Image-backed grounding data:
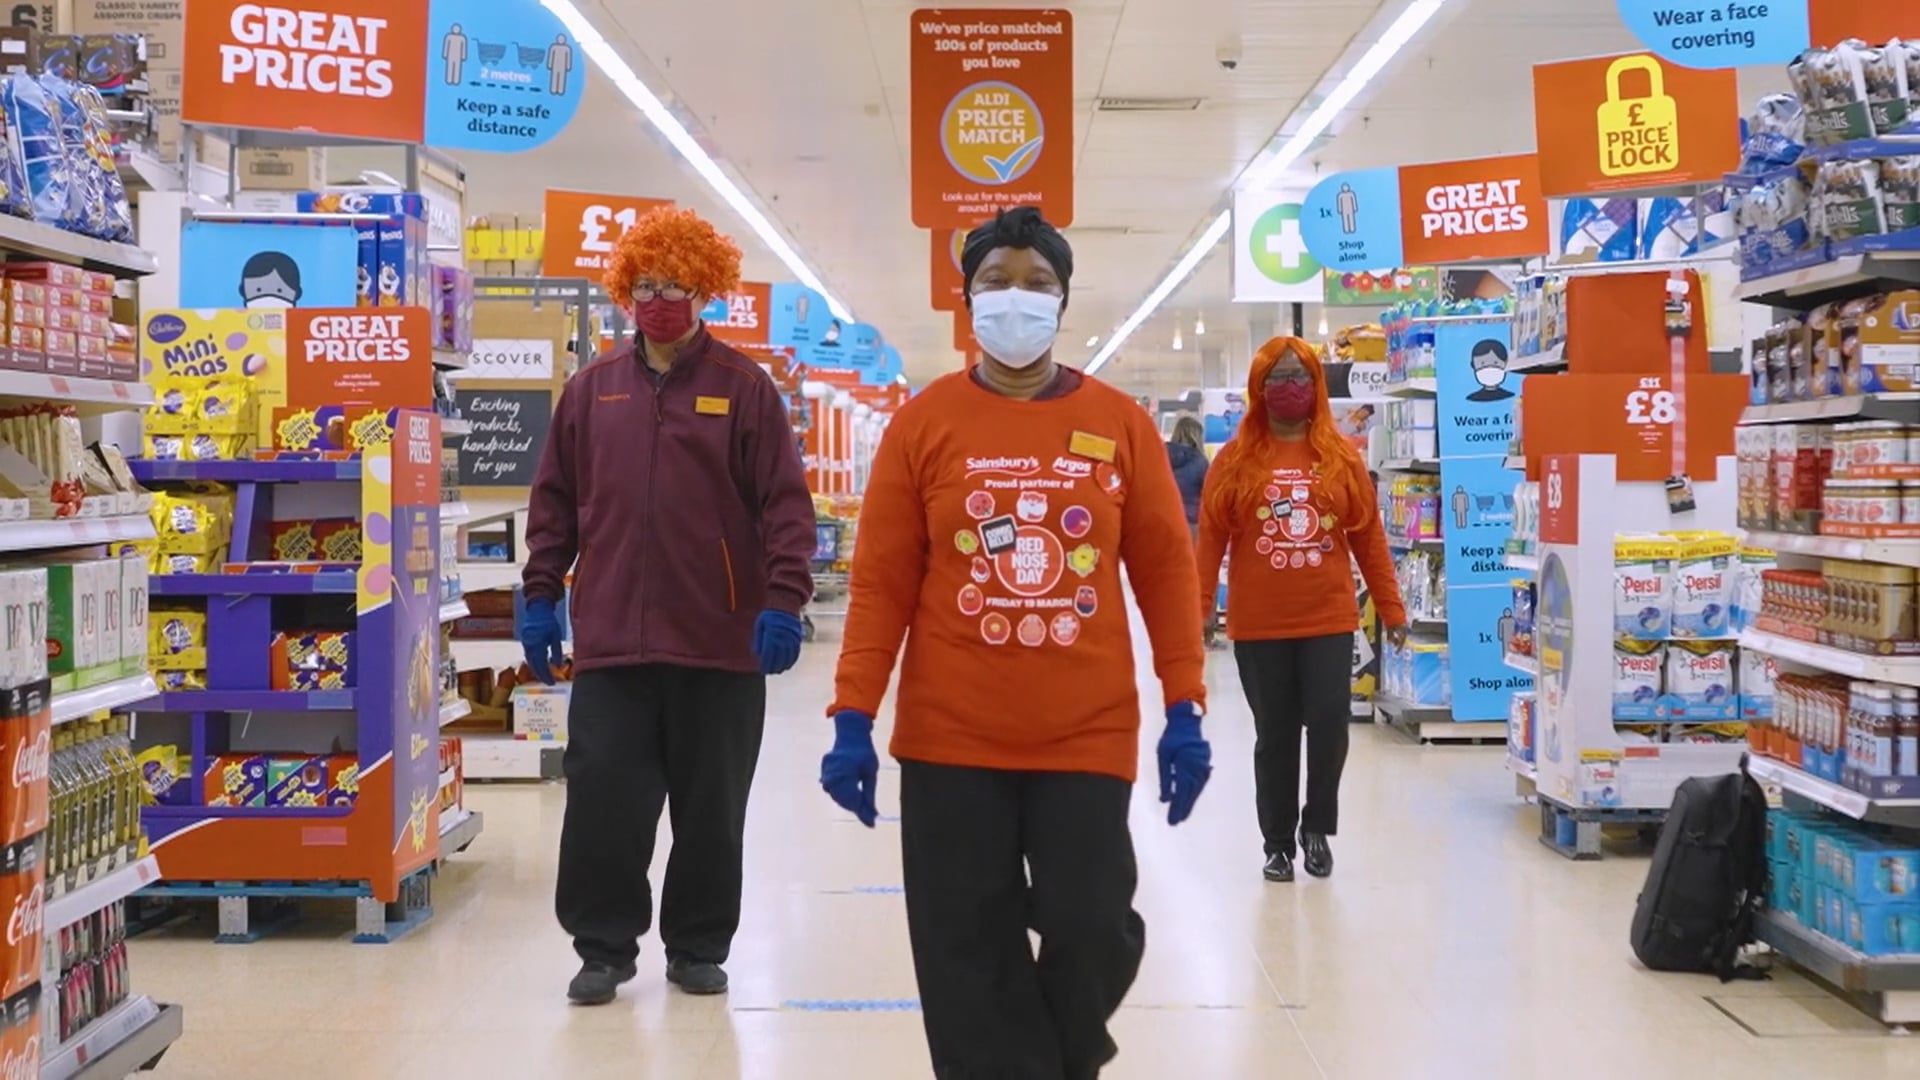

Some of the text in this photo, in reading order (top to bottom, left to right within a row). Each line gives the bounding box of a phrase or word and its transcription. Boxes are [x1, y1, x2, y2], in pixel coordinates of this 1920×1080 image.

[94, 12, 182, 20] ASSORTED CRISPS
[1653, 2, 1768, 27] Wear a face
[230, 4, 388, 55] GREAT
[920, 22, 1062, 37] We've price matched
[934, 39, 1048, 54] 100s of products
[1671, 28, 1755, 50] covering
[219, 44, 393, 98] PRICES
[962, 56, 1020, 72] you love
[480, 67, 532, 82] 2 metres
[974, 93, 1010, 106] ALDI
[457, 98, 550, 119] Keep a safe
[1627, 103, 1646, 127] £
[957, 109, 1026, 127] PRICE
[467, 118, 537, 137] distance
[958, 128, 1026, 145] MATCH
[1606, 126, 1670, 148] PRICE
[1608, 144, 1672, 170] LOCK
[942, 192, 1042, 203] Look out for the symbol
[1425, 179, 1521, 212] GREAT
[957, 204, 989, 213] around
[1320, 207, 1333, 219] 1x
[1421, 205, 1529, 239] PRICES
[1338, 239, 1365, 251] Shop
[1338, 250, 1367, 262] alone
[309, 315, 404, 339] GREAT
[163, 332, 218, 369] Mini
[303, 339, 411, 363] PRICES
[472, 352, 543, 365] SCOVER
[470, 396, 521, 418] Exciting
[1625, 390, 1677, 425] £8
[409, 415, 430, 440] GREAT
[1454, 415, 1488, 427] Wear
[1492, 415, 1500, 426] a
[408, 440, 432, 465] PRICES
[461, 436, 533, 457] handpicked
[473, 456, 517, 480] for you
[965, 456, 1092, 472] Sainsbury's Argos
[984, 479, 1075, 490] Proud partner of
[1016, 537, 1044, 552] RED
[1461, 545, 1494, 559] Keep
[1011, 552, 1049, 569] NOSE
[1016, 569, 1045, 585] DAY
[1624, 576, 1662, 594] Persil
[1686, 573, 1722, 592] Persil
[986, 597, 1073, 608] FRIDAY 19 MARCH
[1479, 632, 1493, 643] 1x
[1621, 656, 1659, 672] Persil
[1690, 656, 1726, 671] Persil
[1469, 675, 1535, 691] Shop alon

### What this task involves:
For each line of the data that has the word "Shop", report that line.

### Exercise output:
[1338, 239, 1365, 251] Shop
[1469, 675, 1535, 691] Shop alon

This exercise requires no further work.